Why Deliberation Beats Orchestration
Most multi-agent frameworks — CrewAI, LangGraph orchestrations, AutoGen pipelines — treat AI models as workers in a sequence: researcher hands off to writer, writer hands off to editor, editor produces the final answer. Consilium does something different. Models are adversaries in a structured debate, not collaborators in an assembly line. This post explains why that choice changes the output and where it doesn't.
Orchestration: errors propagate
In a sequential pipeline, the second model only sees the first model's output. If the first model hallucinated a fact, made an off-by-one in the reasoning, or anchored on the wrong framing, the downstream models inherit it. They might polish the prose, but they don't go back and check whether the upstream claim was correct — that's not their job in the pipeline graph. The compounding error problem is well-known in chained agent systems.
The orchestration approach also flattens disagreement. If two models would have produced contradictory answers, you only see whichever one happened to be in the right slot at the right time. The dissent — usually the most informative signal — is gone before the response leaves the system.
Deliberation: errors get caught
Consilium runs a fixed protocol every debate:
- Round 1 — Independent analysis.Every model produces an answer to the topic in isolation. They never see each other's output in this round, so the responses are uncorrelated and any shared error has to come from training-data overlap, not from one model influencing another.
- Round 2 — Cross-examination.Each model receives every other model's Round 1 answer and is asked to challenge it on factual errors, flawed reasoning, missing evidence, and edge cases. Challenges are typed, so the engine can route each one to the right defender.
- Round 3 — Rebuttal and refinement. Defenders respond to each challenge (concede, refute, qualify, or redirect) and produce a revised answer that incorporates the survivable points and drops the indefensible ones.
- Judge — 5-phase synthesis. A separate judge model performs claim extraction, cross-reference (which claims survived challenge), dispute resolution (where models still disagree), rubric scoring (correctness 30% / reasoning 25% / completeness 20% / actionability 15% / conciseness 10%), and produces the final verdict with a dissent report attached.

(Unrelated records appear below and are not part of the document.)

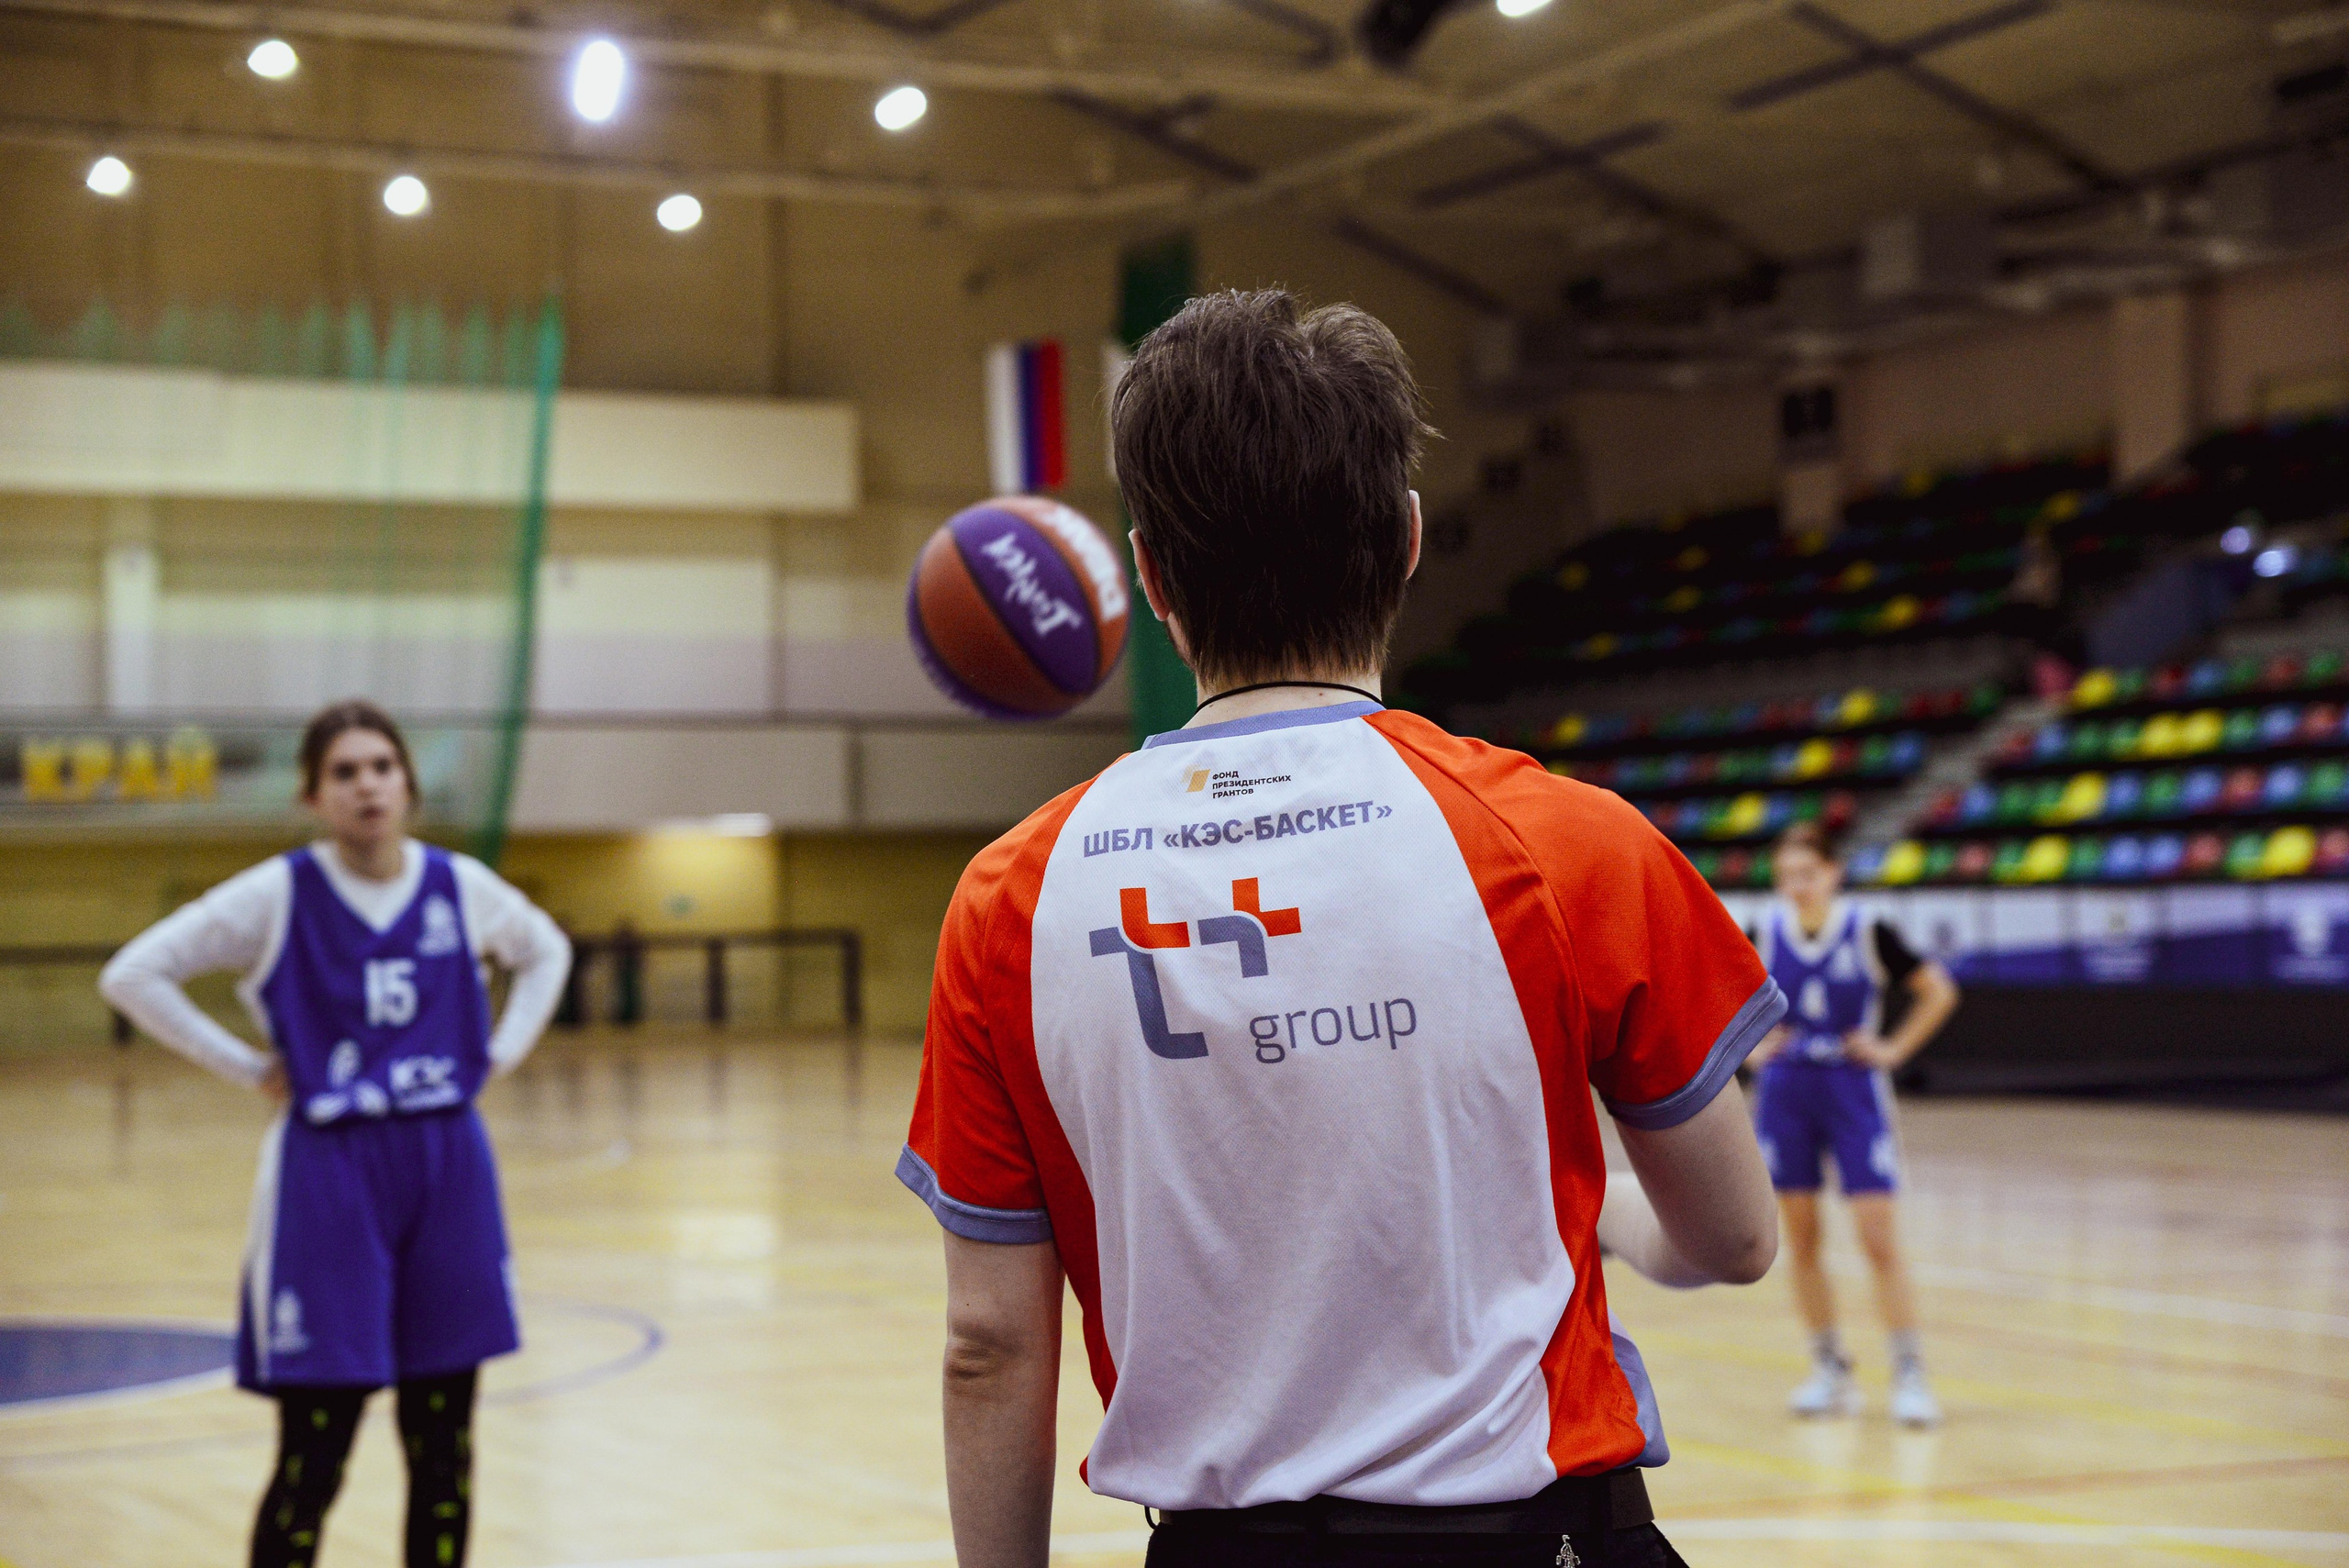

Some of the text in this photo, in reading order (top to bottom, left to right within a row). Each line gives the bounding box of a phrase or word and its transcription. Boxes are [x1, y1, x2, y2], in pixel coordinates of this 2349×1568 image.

[1212, 771, 1240, 780] ФОНД
[1212, 774, 1292, 790] ПРЕЗИДЕНТСКИХ
[1212, 788, 1254, 799] ГРАНТОВ
[1083, 800, 1393, 858] ШБЛ «КЭС-БАСКЕТ»
[363, 957, 418, 1029] 15
[1249, 996, 1418, 1064] group

The cross-examination round is the load-bearing piece. It is the only place in the protocol where one model's mistake gets named by another model in the same conversation. In orchestration, that doesn't happen — there's no round where the editor is asked "does this claim from the researcher actually hold up?"
A concrete diff
| Property | Orchestration (CrewAI / LangChain agents) | Deliberation (Consilium) |
|---|---|---|
| Model interaction | Sequential pipeline | Adversarial rounds |
| Error handling | Propagates downstream | Caught by cross-examination |
| Confidence | Self-reported | Calibrated via convergence detection |
| Disagreement | Hidden / overwritten | Surfaced as dissent reports |
| Audit trail | Logs of intermediate outputs | Structured claims, challenges, rebuttals |
When orchestration is better
Deliberation is not a universal upgrade. We don't ship Consilium as a replacement for every agent framework, and you'd misuse it if you tried. Orchestration wins for:
- Pure tool execution. If the task is "run this query, summarize the result" and the tool call is the bottleneck, multiple models arguing about the result is overkill.
- Speed-bound interactive UX. A 3-round debate adds 30–60 seconds of latency. For an autocomplete or a typing-speed chat surface, that's not the right tradeoff.
- Single-domain expert pipelines. When you genuinely have a researcher → writer → editor flow and the boundaries between roles are clear, orchestration is a more natural fit than "all three argue."
When deliberation is better
- Hard reasoning with disagreement. Architecture decisions, technical tradeoffs, code reviews where multiple defensible answers exist.
- Hallucination-prone domains. Anything where one model could confidently produce a wrong fact and the only way to catch it is another model checking. Du et al. and Khan et al. both quantify this gain in the literature.
- High-stakes decisions where dissent matters. When the user wants to see "the answer is X, but two out of five panelists pushed back on Y", deliberation surfaces that. Orchestration silently picks one.
What this looks like in code
The deliberation graph lives in apps/agents/src/features/deliberation/deliberation_graph.py and the judge in apps/agents/src/core/judge.py. It's a LangGraph state machine — round transitions are explicit nodes, the round-2 challenge generation is its own prompt, and the rebuttal classifications (concede / refute / qualify / redirect) come back as typed structured output. The whole thing is auditable: every challenge, every rebuttal, and every claim that survived to the synthesis is preserved in the debate session record.
That auditability is the other reason we picked deliberation over orchestration. When a debate produces a controversial answer, you can replay it and see exactly which model said what at which point — not just "the writer agent produced this."